DATA FOR THIS EXERCISE:
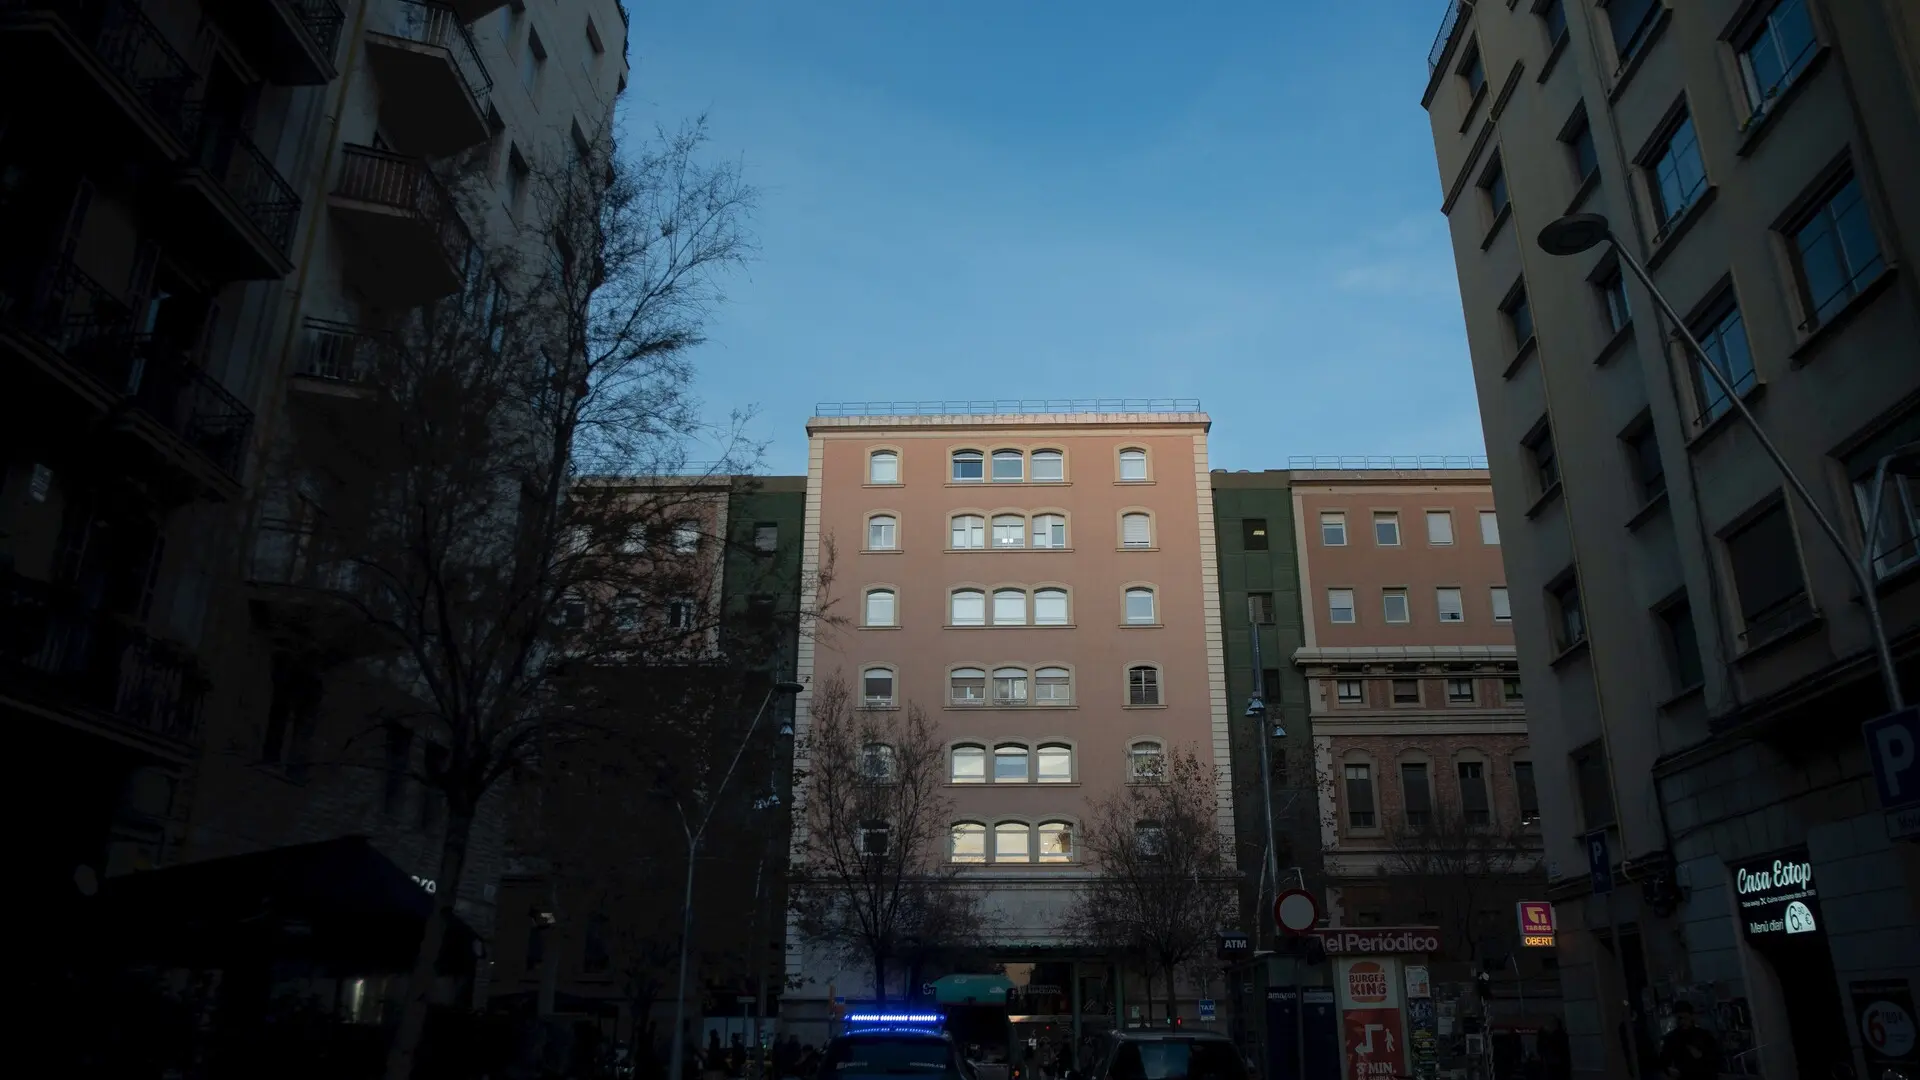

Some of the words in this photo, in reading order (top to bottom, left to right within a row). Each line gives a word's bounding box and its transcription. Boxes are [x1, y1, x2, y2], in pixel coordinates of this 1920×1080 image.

[1875, 723, 1916, 798] P
[1591, 840, 1603, 865] P
[1737, 868, 1772, 894] Casa
[1773, 860, 1812, 890] Estop
[1224, 939, 1247, 949] ATM
[1326, 933, 1343, 952] el
[1345, 932, 1438, 952] Periódico
[1525, 937, 1553, 946] OBERT
[1349, 974, 1386, 983] BURGER
[1350, 983, 1387, 995] KING
[1267, 991, 1296, 1001] amazon
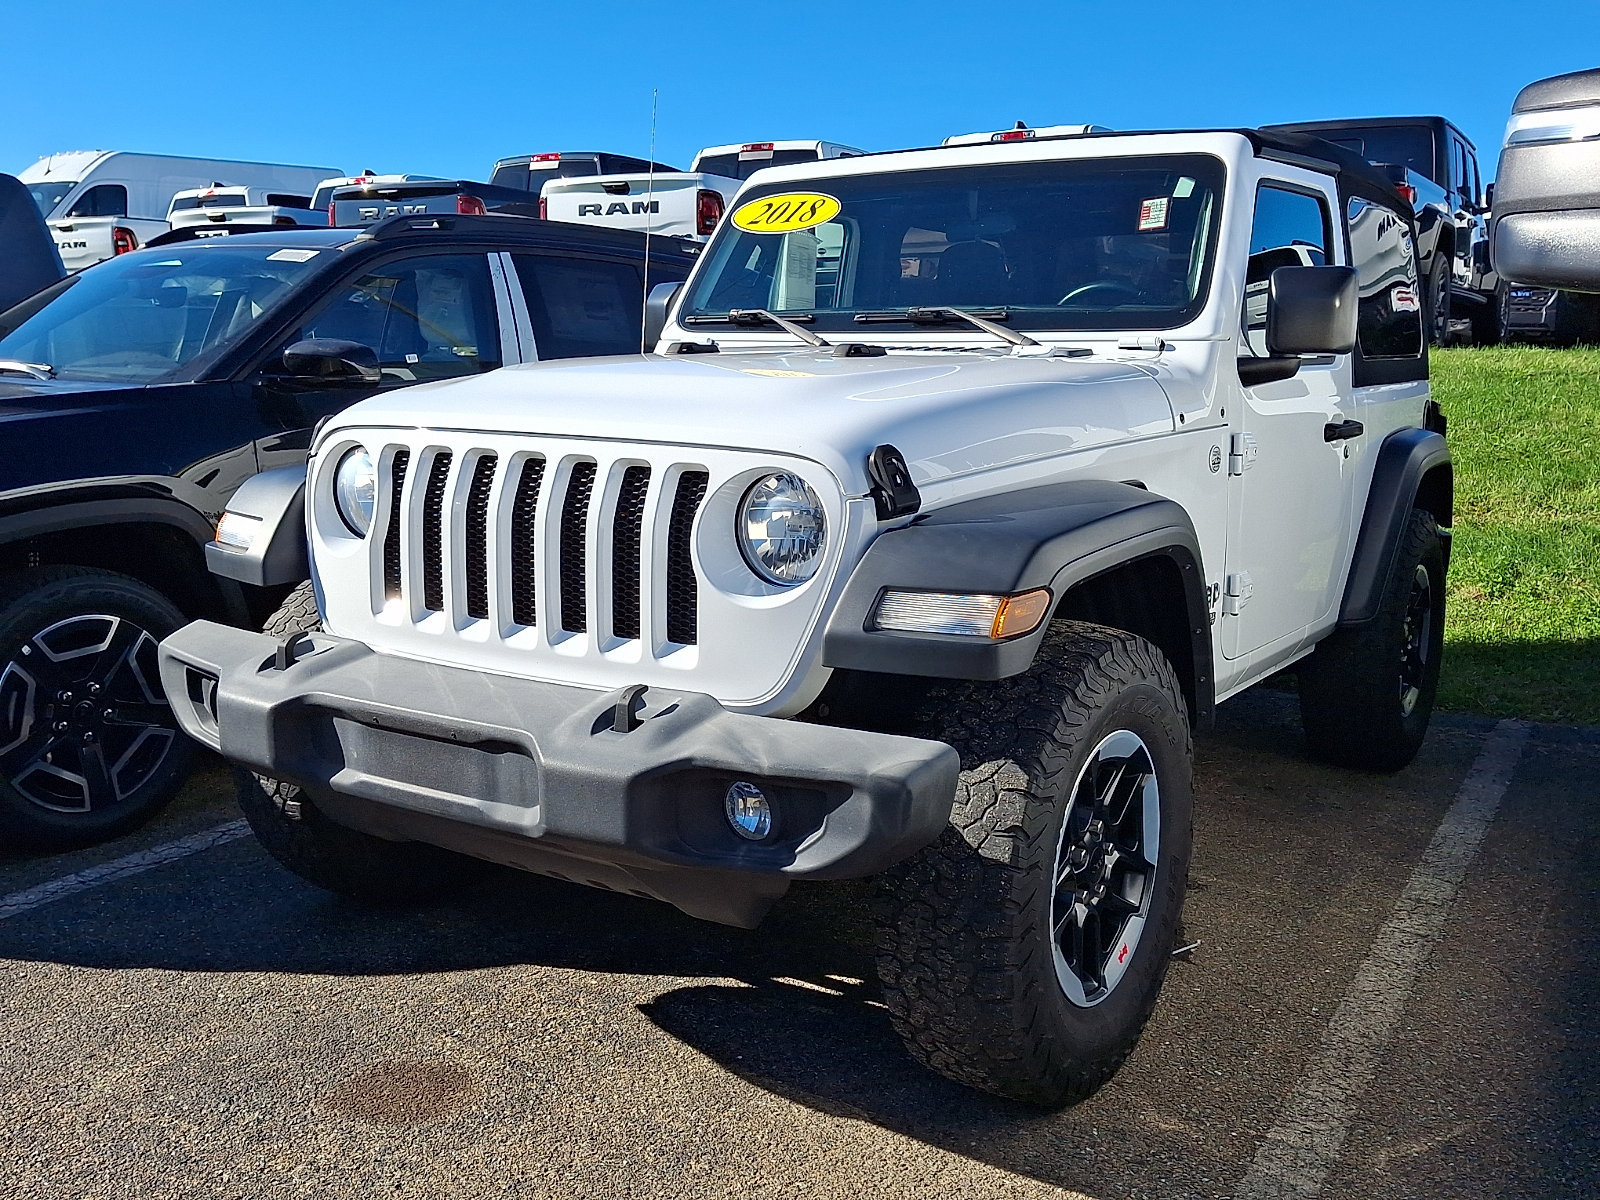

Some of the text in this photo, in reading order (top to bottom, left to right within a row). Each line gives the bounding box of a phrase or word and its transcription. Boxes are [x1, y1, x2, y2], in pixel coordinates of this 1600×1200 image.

[358, 204, 428, 221] RAM
[578, 201, 660, 217] RAM
[746, 198, 826, 226] 2018

ABOUT THIS TASK: Set down every entry above without alteration, but print no images.

WRITTEN ANSWER:
Some of the words in this photo, in reading order (top to bottom, left to right within a row). Each line gives a word's bounding box and its transcription. Boxes are [x1, y1, x2, y2], in pixel coordinates of this 1920×1080 image.

[1875, 723, 1916, 798] P
[1591, 840, 1603, 865] P
[1737, 868, 1772, 894] Casa
[1773, 860, 1812, 890] Estop
[1224, 939, 1247, 949] ATM
[1326, 933, 1343, 952] el
[1345, 932, 1438, 952] Periódico
[1525, 937, 1553, 946] OBERT
[1349, 974, 1386, 983] BURGER
[1350, 983, 1387, 995] KING
[1267, 991, 1296, 1001] amazon

Some of the text in this photo, in reading order (top to bottom, left to right within a row). Each line gives the bounding box of a phrase or word and its transcription. Boxes are [x1, y1, x2, y2], in pixel coordinates of this 1600×1200 image.

[358, 204, 428, 221] RAM
[578, 201, 660, 217] RAM
[746, 198, 826, 226] 2018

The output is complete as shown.